Listen, Frank, I really do want to help but you need to understand, even I have limits, and this is one of them. I don't eliminate immediate family members. Have you ever asked yourself why Miff and Buffy are still breathing? Do you have any idea how close to death one or both came before I went off to Vermont? If I had a list of people I most wanted dead in the world, they would be sitting together at the top. And yet, they still walk and talk leaving behind a trail of trauma and pain as if they were handing out bubble gum. So, I can't do that. I'm sorry."

"It's OK, Greenwich, I knew I was asking way too much and I'm pretty sure you wouldn't accept a contract I placed on myself either."

"Oh, that's not true. If you want to use my services as an end-of-life plan, I'm happy to take your money. Of course, that’s a pay up front deal."

"Well, I guess that's probably what I'm about to ask for, but I need to get Margaret in the clear first."

"Frank."

"Yeah?"

"Frank, I didn't say I couldn't help you. What I said was I couldn't do the wet work. At least not personally. The other thing to consider is what Daddy is and is not expecting when he storms those doors in about ninety minutes or less."

"What's that?"

"He sure as shit won't expect to see his very scary daughter in a slick, black, catsuit. The boots are for effect, I kick 'em off if I have to do anything other than shoot. Worse, he will NOT expect to find his very scary daughter standing with his very scary son halfway down the lobby staircase; that’s a rather aggressive position if you think about it. Let's see what happens; are you up for it?"

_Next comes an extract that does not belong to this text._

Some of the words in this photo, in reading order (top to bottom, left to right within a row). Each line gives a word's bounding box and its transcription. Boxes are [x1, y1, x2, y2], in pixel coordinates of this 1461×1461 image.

"Sure, why not, what's one more Hail Mary for the team?" 

"Your team sure does use that metaphor a lot. Are you sure it means what you think it means? Never mind that, who do you need to alert, right now?"

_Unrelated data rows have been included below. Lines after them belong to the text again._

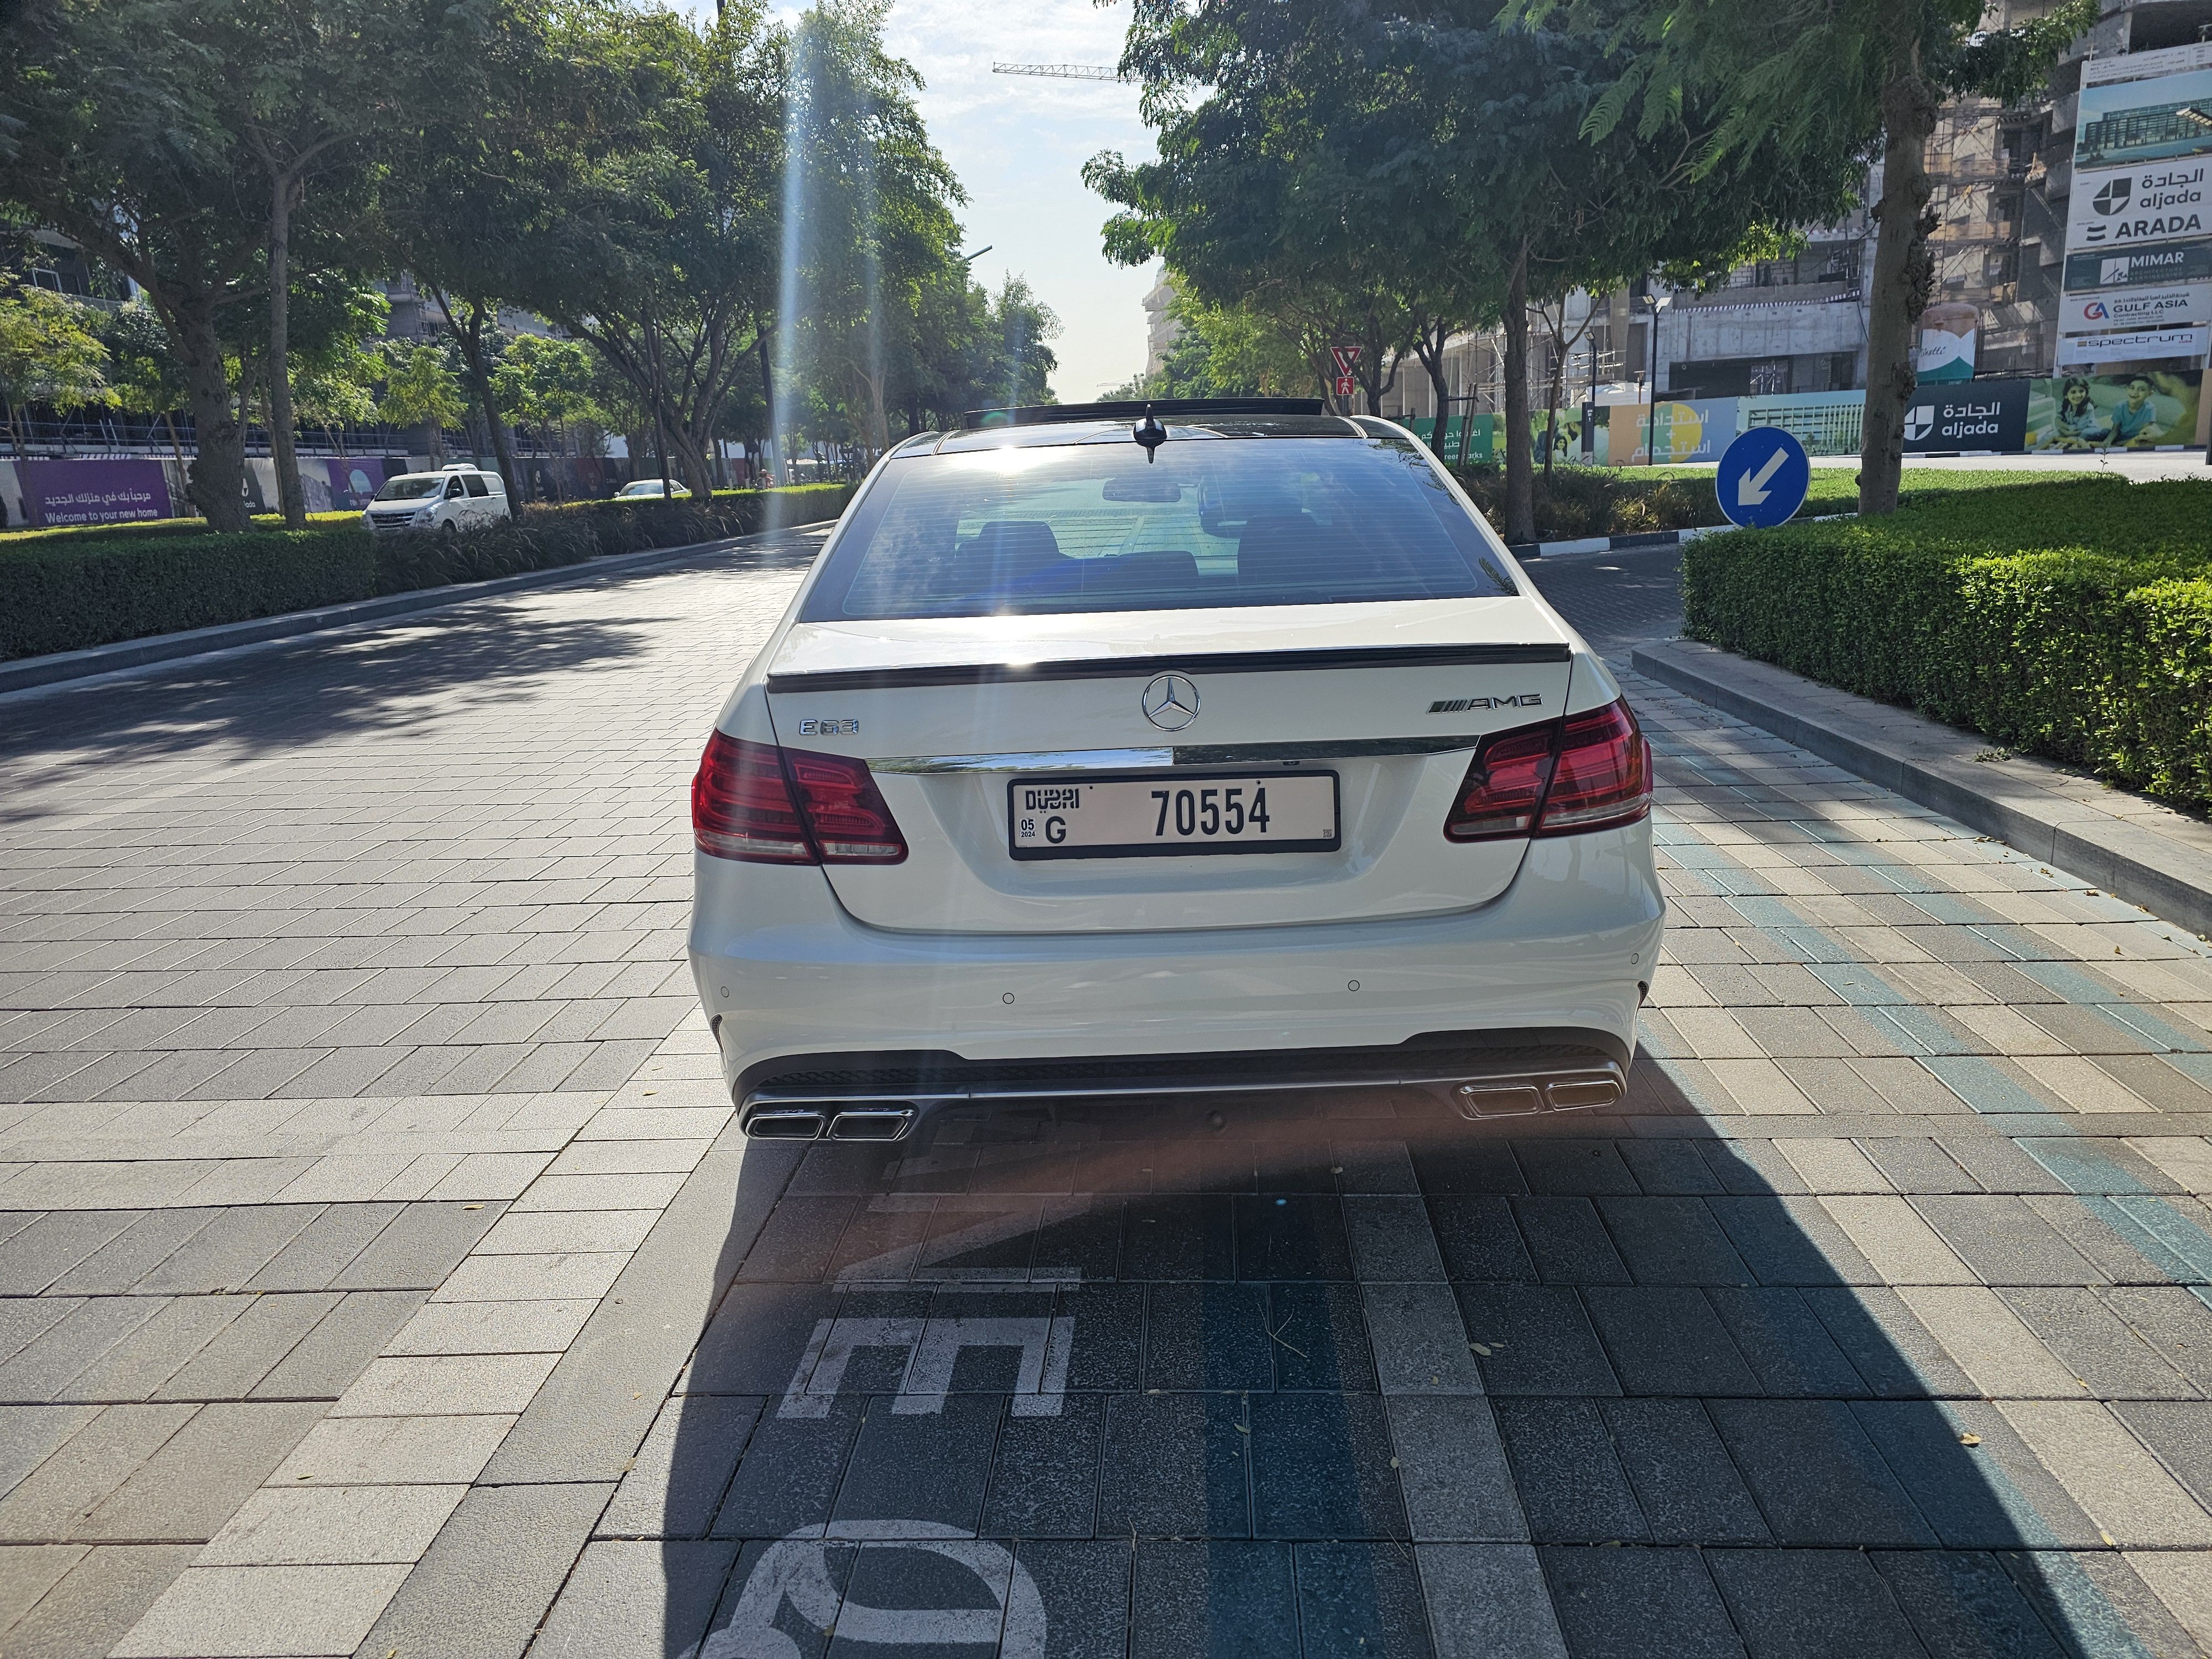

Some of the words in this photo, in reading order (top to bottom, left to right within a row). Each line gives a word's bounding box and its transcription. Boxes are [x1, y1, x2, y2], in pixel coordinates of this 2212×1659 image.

[2142, 168, 2204, 189] الجادة
[2140, 189, 2201, 210] aljada
[2115, 213, 2201, 239] ARADA
[2131, 252, 2184, 268] MIMAR
[2113, 302, 2151, 313] GULF
[2154, 299, 2188, 309] ASIA
[2114, 310, 2150, 319] Contracting
[2088, 333, 2193, 348] spectrum
[1636, 409, 1709, 427] استدامة
[1943, 401, 2001, 420] الجادة
[1942, 420, 1999, 439] aljada
[1631, 440, 1710, 463] استجمام
[45, 494, 74, 507] الجديد
[76, 493, 100, 505] منزلك
[102, 492, 117, 506] في
[45, 512, 87, 524] Welcome
[88, 512, 98, 520] to
[100, 511, 117, 522] your
[119, 510, 136, 519] new
[137, 507, 158, 518] home
[1465, 693, 1543, 712] AMG
[799, 719, 859, 735] E63
[1025, 789, 1079, 810] DUBAI
[1151, 787, 1270, 837] 70554
[1021, 819, 1034, 831] 05
[1045, 816, 1066, 844] G

"Well, Christie's probably still face down in the dust mote room and it doesn't matter anyway. Best I can tell, there's only one thing that can kill her and it's not something most people would think of..."

"Frank! You made a golem! Good for you! Can't wait to meet her. So, who else?"

"There's Margaret and Coop, but Coop's got at least six lives left. Dude's a walking miracle."

"And Margaret? I know what she means to you."

"Ah, yeah, Margaret. Margaret's superpower is the ability to render herself absolutely invisible."

"Really? She can do that? Dr. Webb didn't say anything about that."

"Great. Dr. Webb. Never mind, you can share that later, although he will be in the building at some point. I just don't know when."

"And I don't think we need to worry about your gargoyle or the unicorn, am I right?"

"You are right."

"Frank, I don't want you to worry about Dr. Webb. I'm pretty sure he can take care of himself."

Frank's brow furrowed. "Uh, I'm a little worried about Marty Smythe and Jeffry Franklin. I don't think Laura's going to bring Jeffry in today, but she's still got possession of Margaret's new lab rat."

"Then we're going to leave it to Laura to keep them safe."

At 5:45 am, the Fourth Frank and his baby sister, Greenwich stood at the halfway point of the lobby staircase. It wasn't anywhere near dawn, but that's when Frank III preferred to storm gates. With any luck this would all be over before anyone else entered the building.

"Um, Frank. There's one other thing. I wasn't going to mention it, but now I'm feeling a little unsettled about the withhold."

"Greenwich, what could possibly be worse than the shit show as it is now?"

"Good way to look at it, Frank, because Webb is about to walk through the front door, and he might look a little funny."